MISSION XV DAYWON RDA

8/10

 

DAYWON RDA のココがイケてる

 

  • 洗練されたシェイプ
  • ビルド難度は低い
  • 滑らかすぎるAFC

 

 

DAYWON RDA

 

エアフローコントロールが絶妙に使いやすい。風味自体はKRMA RDA同様にとても秀逸です。

ステップエアフローのおかげで過剰気味にドリップしてしまってもエアホールから直接は漏れてはきませんね。エアホールが一箇所なのも個人的には好みですね。

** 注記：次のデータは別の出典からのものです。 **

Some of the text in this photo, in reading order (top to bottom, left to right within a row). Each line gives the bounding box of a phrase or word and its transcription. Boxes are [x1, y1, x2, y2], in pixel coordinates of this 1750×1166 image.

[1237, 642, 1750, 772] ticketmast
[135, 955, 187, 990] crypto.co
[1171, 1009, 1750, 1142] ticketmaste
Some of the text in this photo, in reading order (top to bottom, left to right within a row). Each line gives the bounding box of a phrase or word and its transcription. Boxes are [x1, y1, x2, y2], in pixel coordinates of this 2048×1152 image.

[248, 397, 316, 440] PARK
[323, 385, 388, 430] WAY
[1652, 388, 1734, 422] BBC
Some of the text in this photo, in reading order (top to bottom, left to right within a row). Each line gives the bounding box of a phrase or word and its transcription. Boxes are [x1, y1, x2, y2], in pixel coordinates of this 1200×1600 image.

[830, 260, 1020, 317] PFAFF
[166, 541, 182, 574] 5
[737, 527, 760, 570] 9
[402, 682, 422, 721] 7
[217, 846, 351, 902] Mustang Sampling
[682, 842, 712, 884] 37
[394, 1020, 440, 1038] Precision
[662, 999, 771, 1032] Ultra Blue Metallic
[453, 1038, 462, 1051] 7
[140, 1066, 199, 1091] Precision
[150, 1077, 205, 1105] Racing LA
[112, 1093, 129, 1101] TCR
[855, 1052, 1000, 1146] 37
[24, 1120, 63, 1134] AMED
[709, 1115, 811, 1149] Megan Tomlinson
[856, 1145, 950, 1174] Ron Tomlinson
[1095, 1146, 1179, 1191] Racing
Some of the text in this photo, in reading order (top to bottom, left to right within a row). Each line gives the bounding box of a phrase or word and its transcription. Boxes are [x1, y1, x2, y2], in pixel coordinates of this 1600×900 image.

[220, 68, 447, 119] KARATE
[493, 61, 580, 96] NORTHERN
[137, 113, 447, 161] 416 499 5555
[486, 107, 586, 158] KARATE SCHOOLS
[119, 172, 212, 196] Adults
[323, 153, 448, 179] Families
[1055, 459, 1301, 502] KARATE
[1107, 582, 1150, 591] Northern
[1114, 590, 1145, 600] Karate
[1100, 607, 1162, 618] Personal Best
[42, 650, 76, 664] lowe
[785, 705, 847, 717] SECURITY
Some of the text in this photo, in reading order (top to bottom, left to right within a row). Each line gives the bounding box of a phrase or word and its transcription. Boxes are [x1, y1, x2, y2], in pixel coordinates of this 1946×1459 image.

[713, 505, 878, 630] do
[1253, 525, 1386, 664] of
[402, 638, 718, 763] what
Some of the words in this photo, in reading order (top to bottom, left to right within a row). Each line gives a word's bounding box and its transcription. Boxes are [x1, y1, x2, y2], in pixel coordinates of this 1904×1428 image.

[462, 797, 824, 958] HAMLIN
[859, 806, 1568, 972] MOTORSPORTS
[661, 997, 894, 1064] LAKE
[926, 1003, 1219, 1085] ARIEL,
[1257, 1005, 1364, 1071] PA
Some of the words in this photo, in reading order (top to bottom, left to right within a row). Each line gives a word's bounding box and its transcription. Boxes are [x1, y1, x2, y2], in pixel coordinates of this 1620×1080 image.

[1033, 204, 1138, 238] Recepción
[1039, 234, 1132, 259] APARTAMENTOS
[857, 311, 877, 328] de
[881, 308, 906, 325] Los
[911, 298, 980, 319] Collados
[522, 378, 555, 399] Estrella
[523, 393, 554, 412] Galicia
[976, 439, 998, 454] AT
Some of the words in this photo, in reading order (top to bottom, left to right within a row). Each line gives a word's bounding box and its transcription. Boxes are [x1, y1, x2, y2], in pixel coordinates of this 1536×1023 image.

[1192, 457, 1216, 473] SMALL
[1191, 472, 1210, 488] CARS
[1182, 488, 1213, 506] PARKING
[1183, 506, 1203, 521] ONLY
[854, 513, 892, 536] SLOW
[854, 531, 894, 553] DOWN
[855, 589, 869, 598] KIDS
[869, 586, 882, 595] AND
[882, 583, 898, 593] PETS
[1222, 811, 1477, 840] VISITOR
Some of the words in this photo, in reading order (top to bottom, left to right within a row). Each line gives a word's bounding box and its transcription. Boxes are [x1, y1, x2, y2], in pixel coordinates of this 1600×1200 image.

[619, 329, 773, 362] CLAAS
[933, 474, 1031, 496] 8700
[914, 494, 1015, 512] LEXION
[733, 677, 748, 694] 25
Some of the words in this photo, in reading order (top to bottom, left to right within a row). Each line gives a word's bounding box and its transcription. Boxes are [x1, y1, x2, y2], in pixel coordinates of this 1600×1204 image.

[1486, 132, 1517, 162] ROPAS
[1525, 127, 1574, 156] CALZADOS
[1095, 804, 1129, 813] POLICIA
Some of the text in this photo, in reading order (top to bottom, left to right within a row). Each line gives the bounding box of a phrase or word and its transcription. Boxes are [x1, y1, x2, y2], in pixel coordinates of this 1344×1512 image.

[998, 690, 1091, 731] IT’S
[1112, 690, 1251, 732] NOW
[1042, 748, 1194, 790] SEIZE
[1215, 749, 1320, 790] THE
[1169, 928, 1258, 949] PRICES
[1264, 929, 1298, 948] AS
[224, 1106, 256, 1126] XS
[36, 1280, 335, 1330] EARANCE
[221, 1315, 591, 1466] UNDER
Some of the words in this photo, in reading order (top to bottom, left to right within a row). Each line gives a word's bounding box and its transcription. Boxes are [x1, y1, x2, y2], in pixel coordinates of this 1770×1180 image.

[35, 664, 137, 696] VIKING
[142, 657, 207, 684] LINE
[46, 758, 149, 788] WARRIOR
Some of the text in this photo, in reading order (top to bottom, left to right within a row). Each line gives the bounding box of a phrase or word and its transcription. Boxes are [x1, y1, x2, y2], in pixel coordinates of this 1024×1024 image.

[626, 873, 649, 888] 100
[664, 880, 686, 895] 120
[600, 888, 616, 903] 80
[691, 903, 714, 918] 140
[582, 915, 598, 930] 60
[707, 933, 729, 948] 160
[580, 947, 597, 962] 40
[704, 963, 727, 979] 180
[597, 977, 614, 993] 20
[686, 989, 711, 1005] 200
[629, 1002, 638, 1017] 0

ウェルは浅く見えるけどドリッパーとして使っても不足なかったですね。

 

 

 

■ DAYWON RDA のココがイマイチ

 

  • キャップの装着にやや難あり
  • 一部チッピング有

 

 

DAYWON RDA

 

ドリッパーとして使う際はキャップを外すわけですが、前述のOリング部分の固さも相まってハメづらさがあります。キャップ内部の突起はハメやすいように斜めに傾斜付けてあるのですが、どうにも円滑に行えないですね。ビューティーリングが干渉して邪魔している感もある。

 

トップキャップに一部チッピング(欠け)が見られる。極(ごく)小さなものだが、まず安価な中華製アトマイザーでも見られないものなので...思えばKRMA RDAでも大胆なバリがあったりと、MISSION XVの製造品質は余り高くない面が見られる。

 

実運用面で言えば、エアホールからは漏れづらいが、ドリップの為にキャップ脱着を繰り返す内、内部に付着したリキッドがデッキ外周部分にベタベタ付いてきます(当然ですが...)。Oリングがキツ目だった理由はここから漏らさない為でしょうかね。今のところMODのコンタクトへはまったくの未付着です。

 

 

 

DAYWON RDA

 

KRMA RDAと比べてしまうと良くも悪くもパーツが増えたところの変化が大きい。あまりパーツ数が増えるのは歓迎しないけど、滑らかに動作して完璧なドロー調整が行えるAFCリングの存在は結果良かったと思う。しかしDerlinの510アダプターとしたのかは疑問だ。素直に別体とせずにSUSのまま510で造れば良かったのに...。

 

 

 

DAYWON RDA & KRMA RDA

 

全体として見たらDAYWONのシェイプはとても優れている。しかし22mm径へ固執しているのか、ビューティーリングとせずにこのまま付けた形状24mmで造ってくれればいいのに...。

 

総合的にはKRMA RDAのほうが好みでしたね。やはりパーツ数が少なく完成されている。しかし現状は入手性の問題がありましてね。公式からでも入手したら良いんじゃない?と思うくらい優れてるんですけどね。そこまでは・・・と言うなら入手性の良いDAYWON RDAを買ってしまうのも悪くない。